The paroxysmal cough associated with pertussis may contribute to many of the complications associated with severe pertussis. In an effort to reduce complications associated with this cough, multiple efforts have focused on the potential impact of bronchodilators. In a case report focusing on the treatment of two infant patients, the use of the bronchodilator salbutamol was shown to reduce both the number of paroxysms and their duration, within 24 hours of treatment (Tam and Yeung 1986). However, larger clinical trials on the impact of salbutamol have been less encouraging. One double-blind, placebo-controlled crossover study in nine hospitalized children aged between 1.5 and 27 months demonstrated no significant effects on the course or severity of disease (Krantz, Norrby and Trollfors 1985). A similar study performed one year later reached similar conclusions while measuring impact on cough paroxysms (Mertsola, Viljanen and Ruuskanen 1986).

Antihistamines

Active PT causes a robust histamine sensitization, which, in animal models where histamine is administered post-PT inoculation, can lead to anaphylactic shock and death (Munoz et al. 1981). The effect of PT on histamine sensitivity, combined with the knowledge that histamine can induce cough, led to the hypothesis that treatment of infected patients with antihistamines may reduce pertussis cough.

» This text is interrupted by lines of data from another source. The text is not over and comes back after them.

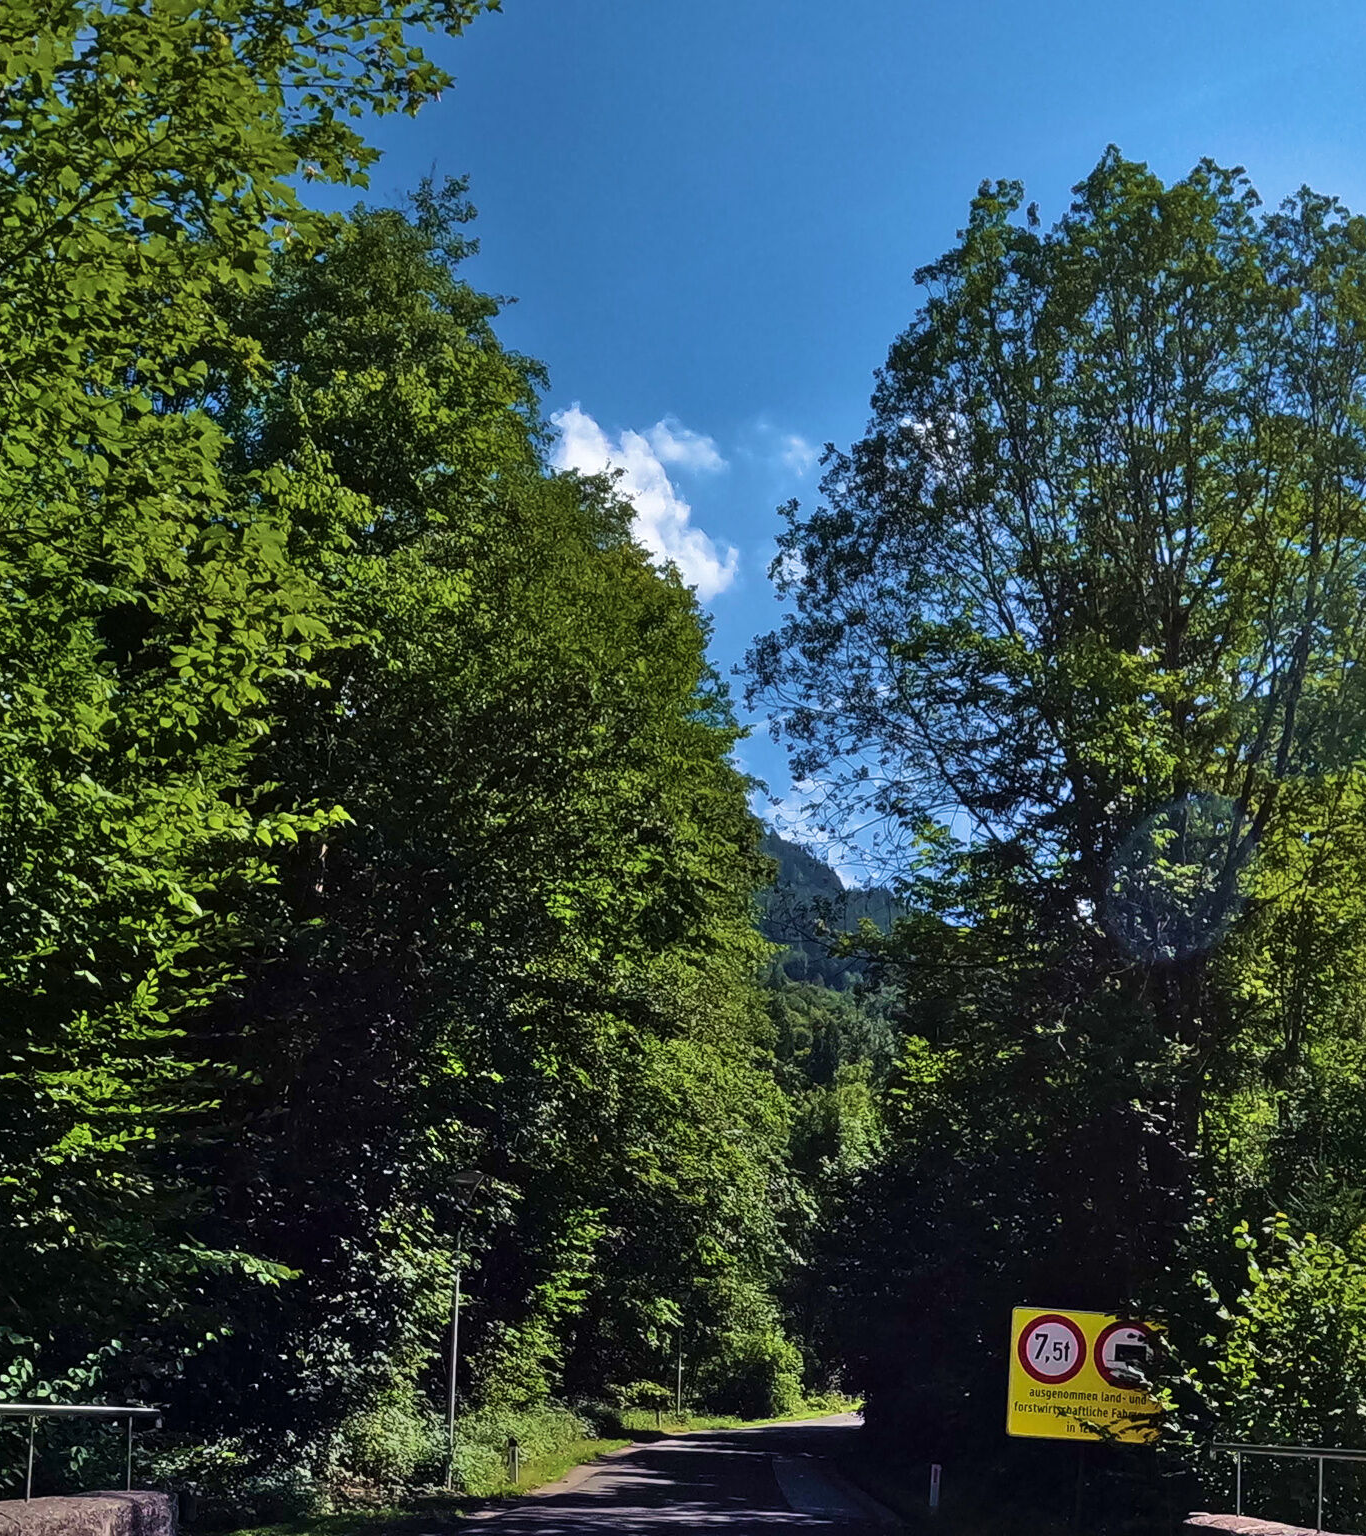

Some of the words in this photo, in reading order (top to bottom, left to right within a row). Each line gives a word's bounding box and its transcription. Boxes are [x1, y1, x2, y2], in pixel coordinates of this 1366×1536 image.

[1035, 1332, 1070, 1363] 7,5t
[1029, 1388, 1098, 1401] ausgenommen
[1101, 1391, 1126, 1404] land-
[1129, 1393, 1147, 1405] und
[1014, 1401, 1109, 1417] forstwirthaftliche
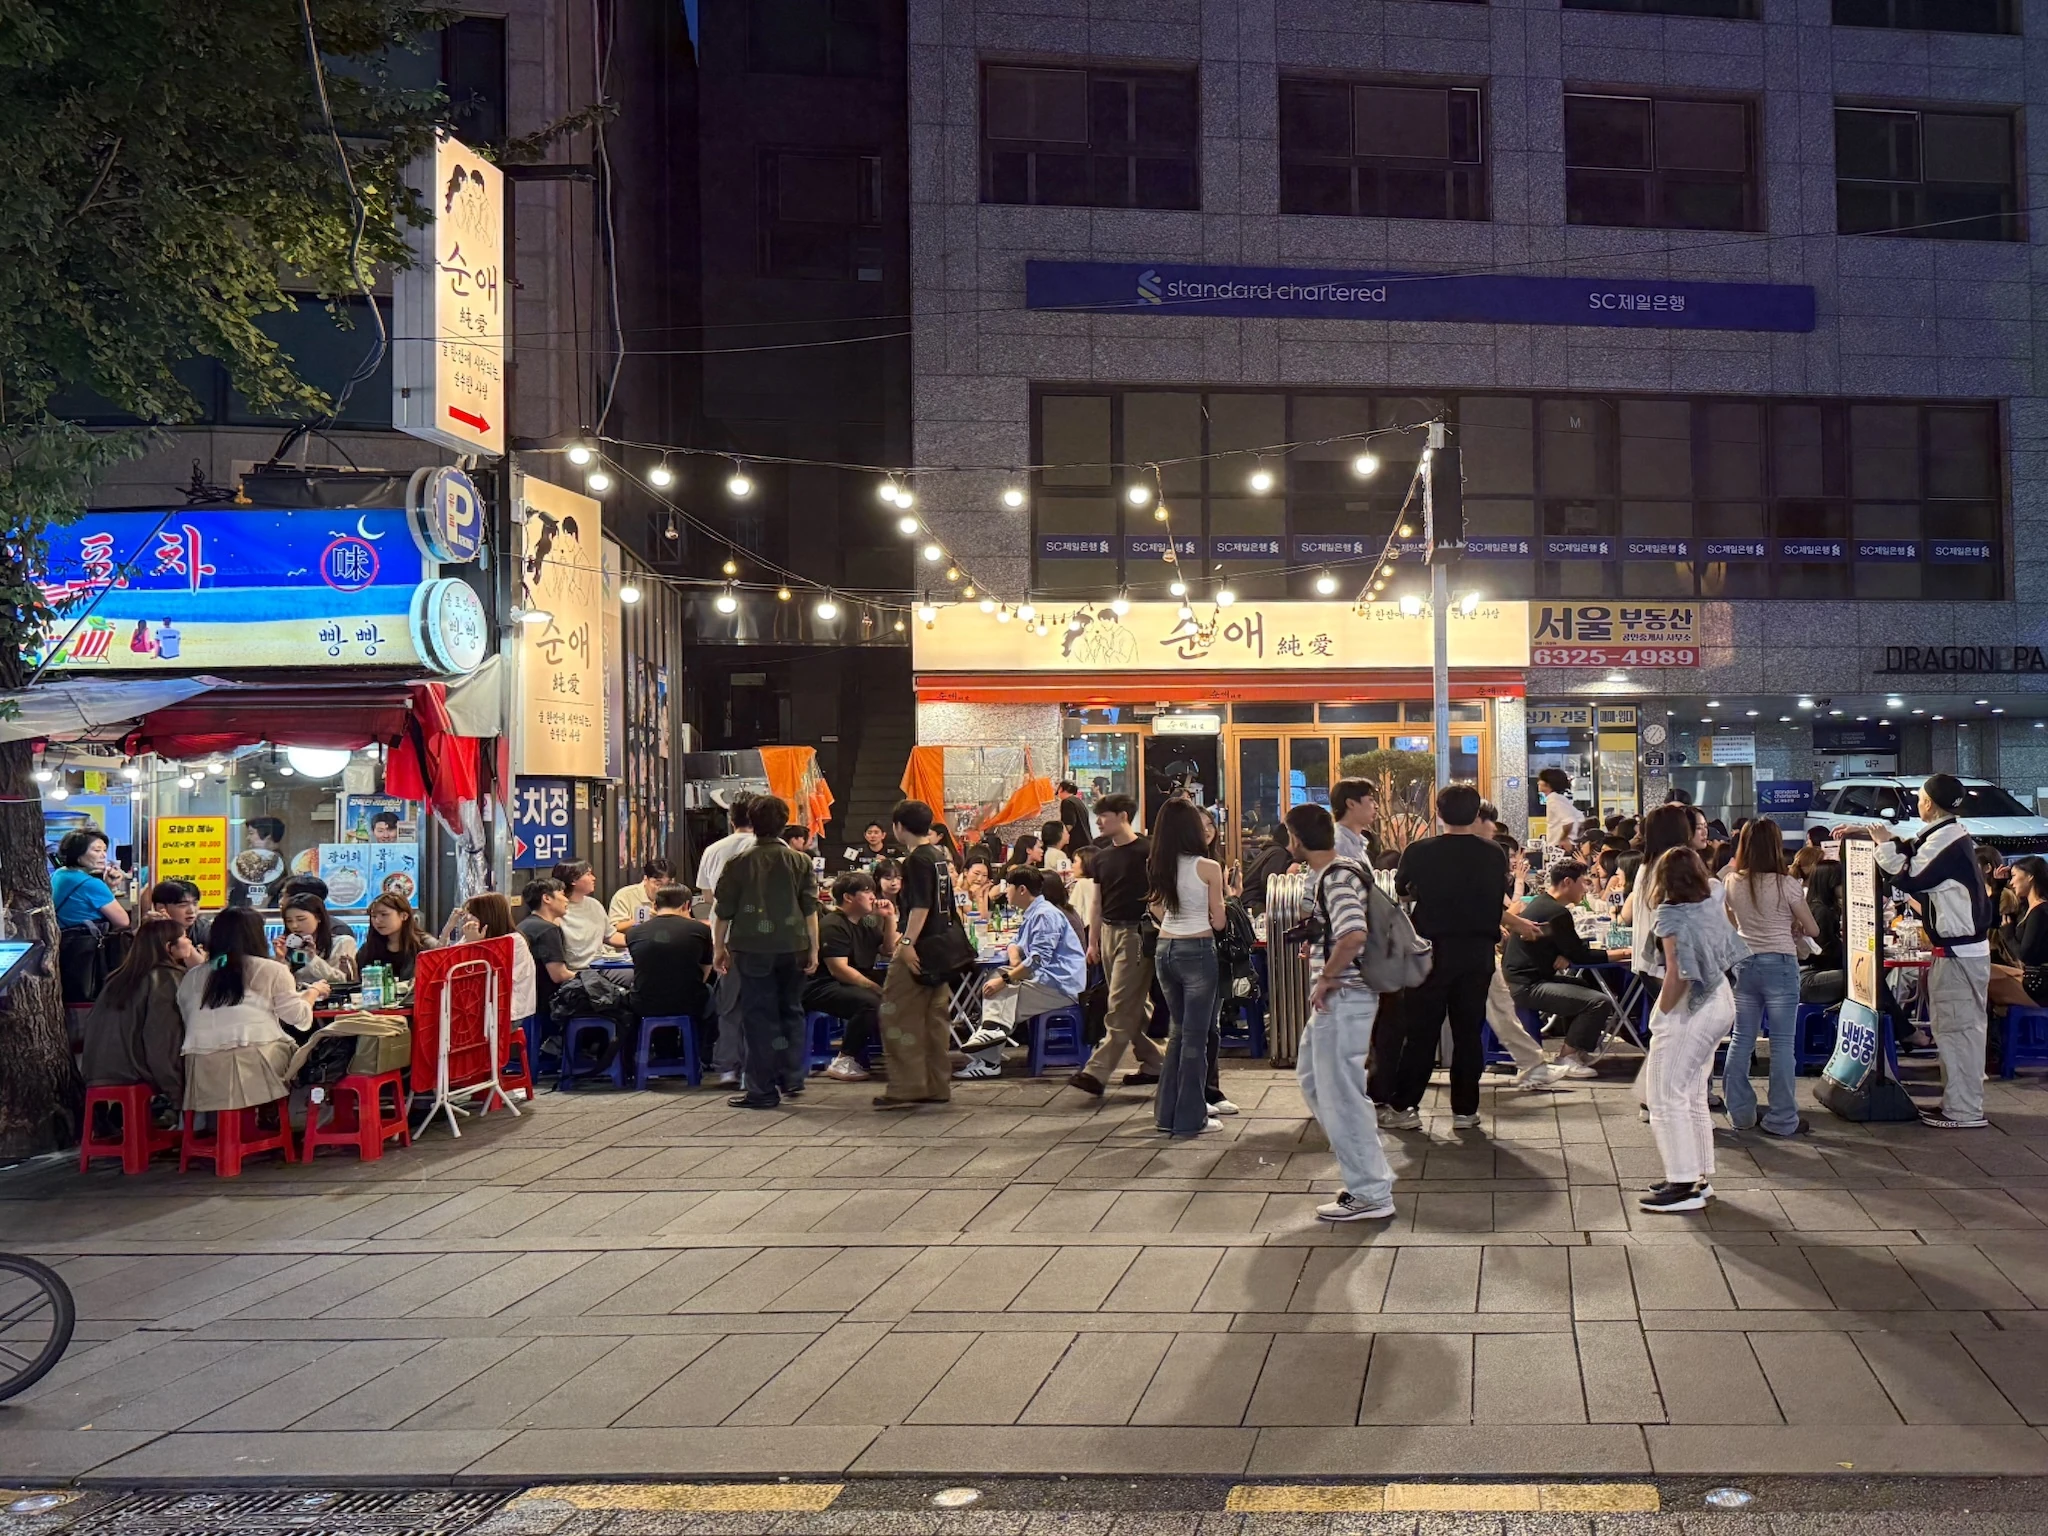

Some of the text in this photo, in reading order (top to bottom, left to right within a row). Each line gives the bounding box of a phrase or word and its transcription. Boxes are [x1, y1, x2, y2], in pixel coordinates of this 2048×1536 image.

The only clinical trial on the impact of antihistamines on pertussis disease, using the antihistamine diphenhydramine, showed no significant ability to reduce cough paroxysms (Danzon et al. 1988). However, in a 1951 letter to the British Medical Journal, Clifton J. Strauss detailed his experience using the anti-histamine pyribenzamine in treating pertussis patients (Strauss 1951). Strauss claimed to see a reduction in both the number and severity of paroxysms in over 65% of patients. As a consequence of this reduction in cough, Strauss noted decreases in vomiting and dehydration, common complications of pertussis disease. It is also noted that removal of treatment resulted in the return of cough, demonstrating that the drug failed to alter the course of disease, but was effective in managing disease symptoms. One reason for the difference in results noted between these studies could be the potential antispasmodic activity of pyribenzamine compared to diphenhydramine. While this is not clear, it may warrant a reinvestigation of adjunct therapy with dedicated antispasmodic drugs.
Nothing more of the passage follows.